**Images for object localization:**
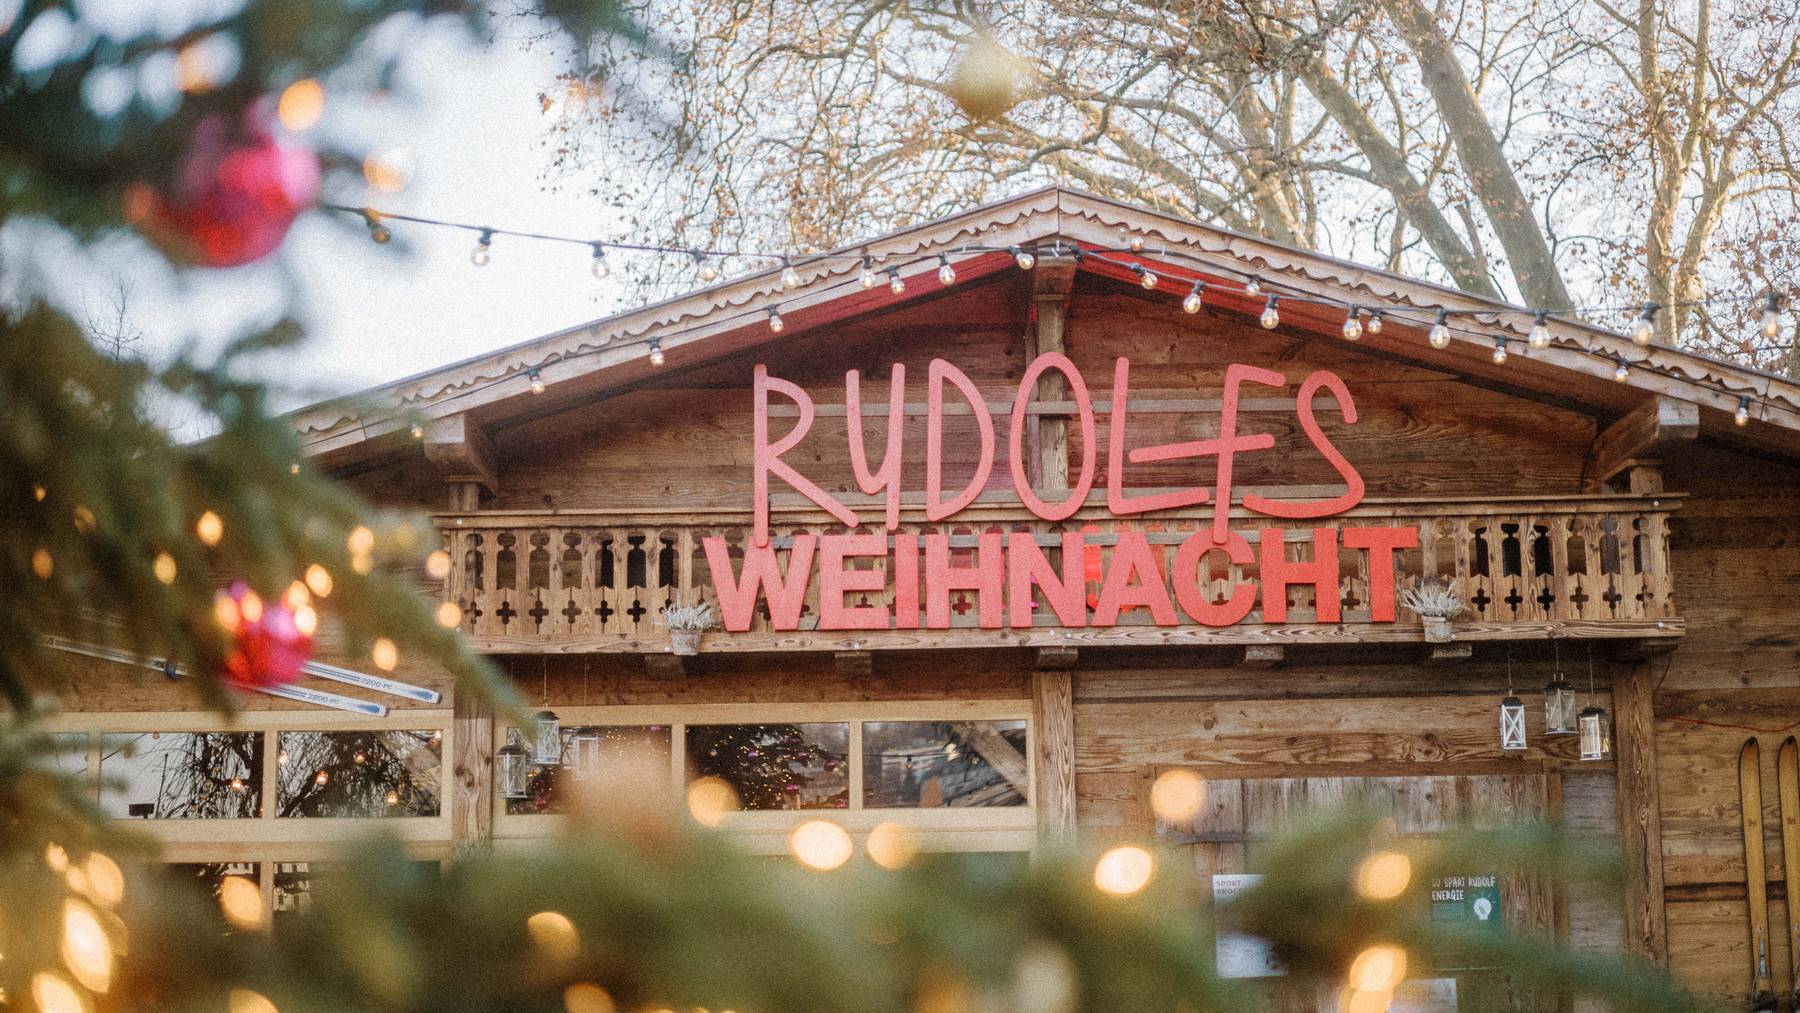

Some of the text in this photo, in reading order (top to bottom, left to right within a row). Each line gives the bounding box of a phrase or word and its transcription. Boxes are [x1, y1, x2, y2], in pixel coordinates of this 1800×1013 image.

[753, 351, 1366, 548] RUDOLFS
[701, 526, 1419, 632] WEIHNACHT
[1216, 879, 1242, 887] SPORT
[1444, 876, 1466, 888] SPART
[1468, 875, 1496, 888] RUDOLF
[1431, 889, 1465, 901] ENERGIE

**PROBLEM DETAILS:**
Repeat the records above verbatim, dropping the pictures.

**SOLVED PROBLEM:**
Some of the text in this photo, in reading order (top to bottom, left to right within a row). Each line gives the bounding box of a phrase or word and its transcription. Boxes are [x1, y1, x2, y2], in pixel coordinates of this 1800×1013 image.

[753, 351, 1366, 548] RUDOLFS
[701, 526, 1419, 632] WEIHNACHT
[1216, 879, 1242, 887] SPORT
[1444, 876, 1466, 888] SPART
[1468, 875, 1496, 888] RUDOLF
[1431, 889, 1465, 901] ENERGIE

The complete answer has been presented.